Showing posts with label treatment. Show all posts
Showing posts with label treatment. Show all posts

Wednesday, December 21, 2022

Treatment regiment

Dana Farber recommends doing TCK chemotherapy EVERY week for 12 cycles, then AC chemotherapy every two weeks for 3 cycles, then 3-6 weeks break to recover before surgery. Then 3-4 weeks after surgery another 4-6 weeks of radiation and immunotherapy IV every 6 weeks for a year.

In one sentence, the fun would last for a while, with the surgery sometimes in May/June 2023.

TCK: Taxol, Carboplatin, and Keytruda (Pembrolizumab)

AC:  Adriamycin (Doxorbicin) and Cytoxan (Cyclophosphamide) and Keytruda (Pembrolizumab)

Interesting, that Lahey has the same drug cocktail, as least for the first 8 cycles (didn't get much details beyond that), but every 3 weeks with much larger dosage, and worse side effects up front.



Tuesday, December 13, 2022

Treatment 11/12

doctors
Today was the day of reckoning -- at least half the tests came back. We had an appointment first with surgical oncologist, followed up with medical oncologist to discuss treatment options. George filled out half the notebook with notes...

"The cancer is a 4 cm invasive ductal carcinoma. Ductal means it started in the lymph glands, invasive means it spread to the breast. The tumor in the lymph isn’t strictly measured, it’s 2mm in the biopsy, but that’s just the part that was in the biopsy. The cancer is triple negative, which means it doesn’t respond to 3 hormones, estrogen, progesterone and human epidermal growth factor (HER2). It should however respond to chemotherapy."

Surgery on the breast will probably be a lumpectomy, just the cancerous part of the breast, rather than mastectomy, complete removal, unless genetic testing reveals a hereditary tendency towards cancer. (still waiting on results) Lumpectomy would be about 2 weeks recovery, mastectomy would be 2-3 months recovery."
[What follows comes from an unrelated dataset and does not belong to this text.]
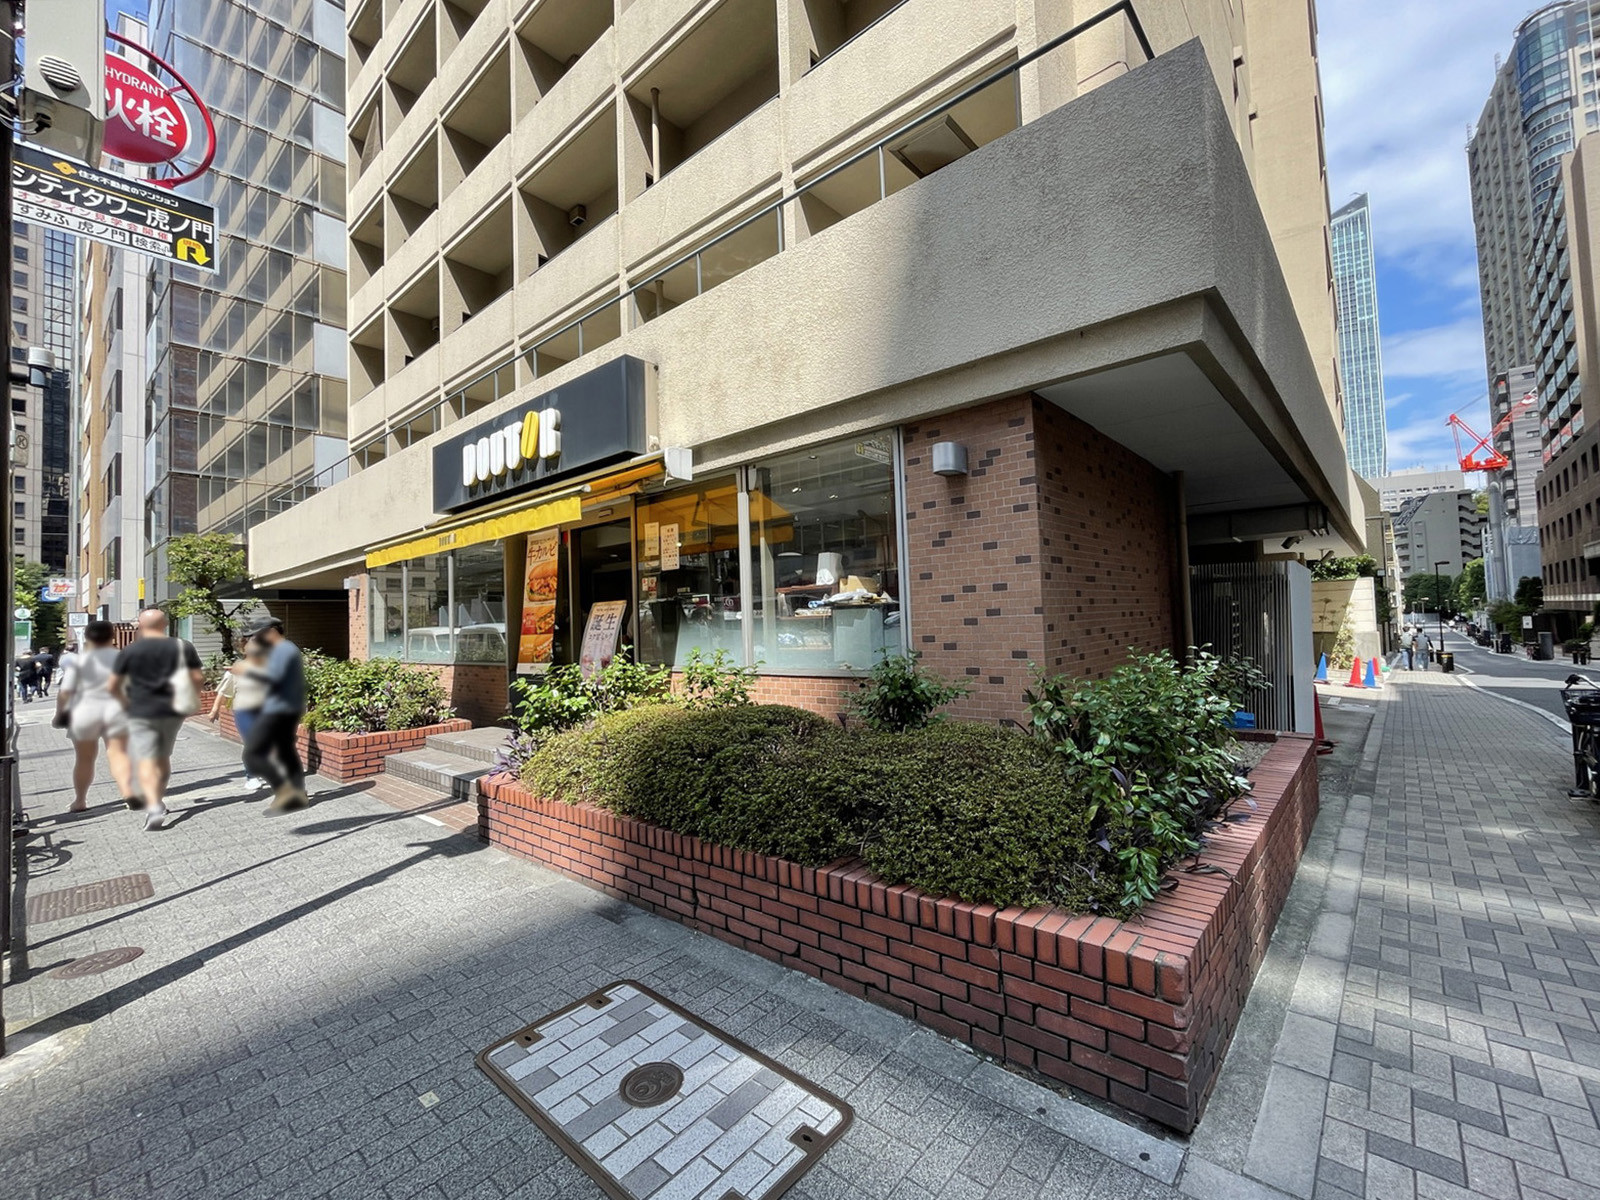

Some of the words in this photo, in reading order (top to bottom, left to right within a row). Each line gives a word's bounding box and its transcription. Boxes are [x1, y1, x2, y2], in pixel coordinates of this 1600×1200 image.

[105, 65, 165, 99] HYDRANT
[12, 165, 213, 244] シティタワー虎ノ門
[17, 202, 70, 226] すみふ
[77, 221, 126, 242] 虎ノ門
Well, there are three options:

One: 6 months of chemotherapy, every three weeks for 4 hours each and every week an additional hour of immune treatment. After half a year of chemotherapy, the surgery of hopefully reduced tumors and limited lymph nodes and another year of milder oral chemotherapy (depending on the overall outcome)

Two: much more extensive surgery now, with removal of several lymph nodes (up to 24) which might result in lymphoma, followed by chemotherapy for 1 year

Three: with no treatment projected death within six month to a year

It looks like we picked door number one for now.